DATA SHOWN: Begin

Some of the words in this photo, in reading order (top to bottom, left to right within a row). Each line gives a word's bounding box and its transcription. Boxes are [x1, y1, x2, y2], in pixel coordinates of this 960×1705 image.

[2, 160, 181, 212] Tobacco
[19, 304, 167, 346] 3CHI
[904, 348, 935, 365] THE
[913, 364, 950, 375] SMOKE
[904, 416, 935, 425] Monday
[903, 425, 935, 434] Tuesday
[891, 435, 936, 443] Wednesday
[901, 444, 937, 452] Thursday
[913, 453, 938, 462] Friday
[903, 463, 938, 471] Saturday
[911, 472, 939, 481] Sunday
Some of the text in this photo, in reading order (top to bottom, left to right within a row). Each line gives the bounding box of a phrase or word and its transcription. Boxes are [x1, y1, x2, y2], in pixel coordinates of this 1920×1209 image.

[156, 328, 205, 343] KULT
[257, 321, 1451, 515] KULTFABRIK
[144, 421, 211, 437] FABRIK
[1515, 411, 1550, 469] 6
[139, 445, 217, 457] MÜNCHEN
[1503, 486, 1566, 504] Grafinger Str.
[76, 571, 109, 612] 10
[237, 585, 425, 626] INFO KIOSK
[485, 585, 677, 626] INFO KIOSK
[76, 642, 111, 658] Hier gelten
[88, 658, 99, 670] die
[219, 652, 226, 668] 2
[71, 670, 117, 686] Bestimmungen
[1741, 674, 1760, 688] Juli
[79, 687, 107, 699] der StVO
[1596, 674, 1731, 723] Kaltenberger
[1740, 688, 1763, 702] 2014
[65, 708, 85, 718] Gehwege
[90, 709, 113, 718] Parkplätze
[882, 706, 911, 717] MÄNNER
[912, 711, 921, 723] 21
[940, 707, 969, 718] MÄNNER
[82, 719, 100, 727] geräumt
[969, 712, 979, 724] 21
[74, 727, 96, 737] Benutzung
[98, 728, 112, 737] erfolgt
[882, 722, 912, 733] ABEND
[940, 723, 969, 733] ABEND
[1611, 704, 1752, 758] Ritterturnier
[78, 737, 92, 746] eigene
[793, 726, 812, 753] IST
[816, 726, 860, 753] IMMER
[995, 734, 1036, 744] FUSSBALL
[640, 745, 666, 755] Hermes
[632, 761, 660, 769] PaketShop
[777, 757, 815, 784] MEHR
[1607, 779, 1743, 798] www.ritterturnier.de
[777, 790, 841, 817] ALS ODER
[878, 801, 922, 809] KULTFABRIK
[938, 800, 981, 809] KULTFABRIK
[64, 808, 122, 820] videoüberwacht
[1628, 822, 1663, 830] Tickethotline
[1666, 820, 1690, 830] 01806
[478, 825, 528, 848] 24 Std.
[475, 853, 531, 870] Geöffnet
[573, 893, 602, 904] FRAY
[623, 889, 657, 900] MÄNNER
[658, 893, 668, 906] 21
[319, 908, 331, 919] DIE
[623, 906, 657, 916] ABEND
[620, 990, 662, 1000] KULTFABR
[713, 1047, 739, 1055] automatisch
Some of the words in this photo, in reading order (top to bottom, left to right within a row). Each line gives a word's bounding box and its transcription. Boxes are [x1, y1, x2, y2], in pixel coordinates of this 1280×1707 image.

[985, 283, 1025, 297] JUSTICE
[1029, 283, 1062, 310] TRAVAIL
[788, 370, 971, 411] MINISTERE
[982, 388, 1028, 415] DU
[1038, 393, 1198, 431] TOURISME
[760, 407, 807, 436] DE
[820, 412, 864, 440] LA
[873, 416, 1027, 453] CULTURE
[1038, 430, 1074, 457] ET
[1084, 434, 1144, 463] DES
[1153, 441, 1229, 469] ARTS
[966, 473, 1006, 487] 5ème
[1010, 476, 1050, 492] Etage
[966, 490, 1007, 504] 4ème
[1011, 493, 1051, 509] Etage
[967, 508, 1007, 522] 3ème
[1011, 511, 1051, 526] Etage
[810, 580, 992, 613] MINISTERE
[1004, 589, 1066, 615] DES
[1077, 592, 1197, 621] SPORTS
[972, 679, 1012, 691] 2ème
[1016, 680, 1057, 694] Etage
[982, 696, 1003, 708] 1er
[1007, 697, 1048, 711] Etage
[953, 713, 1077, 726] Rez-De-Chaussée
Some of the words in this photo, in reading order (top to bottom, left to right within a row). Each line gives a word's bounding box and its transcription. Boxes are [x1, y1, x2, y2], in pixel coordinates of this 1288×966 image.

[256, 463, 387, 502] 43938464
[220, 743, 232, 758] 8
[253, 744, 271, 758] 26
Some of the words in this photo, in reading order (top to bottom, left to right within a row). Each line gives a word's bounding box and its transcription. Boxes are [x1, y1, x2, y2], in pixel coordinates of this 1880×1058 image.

DATA SHOWN: End

** ACTION ITEM **
Your task is to retype all of the records exactly.

** ANSWER TO THE PROBLEM **
Some of the words in this photo, in reading order (top to bottom, left to right within a row). Each line gives a word's bounding box and its transcription. Boxes are [x1, y1, x2, y2], in pixel coordinates of this 960×1705 image.

[2, 160, 181, 212] Tobacco
[19, 304, 167, 346] 3CHI
[904, 348, 935, 365] THE
[913, 364, 950, 375] SMOKE
[904, 416, 935, 425] Monday
[903, 425, 935, 434] Tuesday
[891, 435, 936, 443] Wednesday
[901, 444, 937, 452] Thursday
[913, 453, 938, 462] Friday
[903, 463, 938, 471] Saturday
[911, 472, 939, 481] Sunday
Some of the text in this photo, in reading order (top to bottom, left to right within a row). Each line gives the bounding box of a phrase or word and its transcription. Boxes are [x1, y1, x2, y2], in pixel coordinates of this 1920×1209 image.

[156, 328, 205, 343] KULT
[257, 321, 1451, 515] KULTFABRIK
[144, 421, 211, 437] FABRIK
[1515, 411, 1550, 469] 6
[139, 445, 217, 457] MÜNCHEN
[1503, 486, 1566, 504] Grafinger Str.
[76, 571, 109, 612] 10
[237, 585, 425, 626] INFO KIOSK
[485, 585, 677, 626] INFO KIOSK
[76, 642, 111, 658] Hier gelten
[88, 658, 99, 670] die
[219, 652, 226, 668] 2
[71, 670, 117, 686] Bestimmungen
[1741, 674, 1760, 688] Juli
[79, 687, 107, 699] der StVO
[1596, 674, 1731, 723] Kaltenberger
[1740, 688, 1763, 702] 2014
[65, 708, 85, 718] Gehwege
[90, 709, 113, 718] Parkplätze
[882, 706, 911, 717] MÄNNER
[912, 711, 921, 723] 21
[940, 707, 969, 718] MÄNNER
[82, 719, 100, 727] geräumt
[969, 712, 979, 724] 21
[74, 727, 96, 737] Benutzung
[98, 728, 112, 737] erfolgt
[882, 722, 912, 733] ABEND
[940, 723, 969, 733] ABEND
[1611, 704, 1752, 758] Ritterturnier
[78, 737, 92, 746] eigene
[793, 726, 812, 753] IST
[816, 726, 860, 753] IMMER
[995, 734, 1036, 744] FUSSBALL
[640, 745, 666, 755] Hermes
[632, 761, 660, 769] PaketShop
[777, 757, 815, 784] MEHR
[1607, 779, 1743, 798] www.ritterturnier.de
[777, 790, 841, 817] ALS ODER
[878, 801, 922, 809] KULTFABRIK
[938, 800, 981, 809] KULTFABRIK
[64, 808, 122, 820] videoüberwacht
[1628, 822, 1663, 830] Tickethotline
[1666, 820, 1690, 830] 01806
[478, 825, 528, 848] 24 Std.
[475, 853, 531, 870] Geöffnet
[573, 893, 602, 904] FRAY
[623, 889, 657, 900] MÄNNER
[658, 893, 668, 906] 21
[319, 908, 331, 919] DIE
[623, 906, 657, 916] ABEND
[620, 990, 662, 1000] KULTFABR
[713, 1047, 739, 1055] automatisch
Some of the words in this photo, in reading order (top to bottom, left to right within a row). Each line gives a word's bounding box and its transcription. Boxes are [x1, y1, x2, y2], in pixel coordinates of this 1280×1707 image.

[985, 283, 1025, 297] JUSTICE
[1029, 283, 1062, 310] TRAVAIL
[788, 370, 971, 411] MINISTERE
[982, 388, 1028, 415] DU
[1038, 393, 1198, 431] TOURISME
[760, 407, 807, 436] DE
[820, 412, 864, 440] LA
[873, 416, 1027, 453] CULTURE
[1038, 430, 1074, 457] ET
[1084, 434, 1144, 463] DES
[1153, 441, 1229, 469] ARTS
[966, 473, 1006, 487] 5ème
[1010, 476, 1050, 492] Etage
[966, 490, 1007, 504] 4ème
[1011, 493, 1051, 509] Etage
[967, 508, 1007, 522] 3ème
[1011, 511, 1051, 526] Etage
[810, 580, 992, 613] MINISTERE
[1004, 589, 1066, 615] DES
[1077, 592, 1197, 621] SPORTS
[972, 679, 1012, 691] 2ème
[1016, 680, 1057, 694] Etage
[982, 696, 1003, 708] 1er
[1007, 697, 1048, 711] Etage
[953, 713, 1077, 726] Rez-De-Chaussée
Some of the words in this photo, in reading order (top to bottom, left to right within a row). Each line gives a word's bounding box and its transcription. Boxes are [x1, y1, x2, y2], in pixel coordinates of this 1288×966 image.

[256, 463, 387, 502] 43938464
[220, 743, 232, 758] 8
[253, 744, 271, 758] 26
Some of the words in this photo, in reading order (top to bottom, left to right within a row). Each line gives a word's bounding box and its transcription. Boxes are [x1, y1, x2, y2], in pixel coordinates of this 1880×1058 image.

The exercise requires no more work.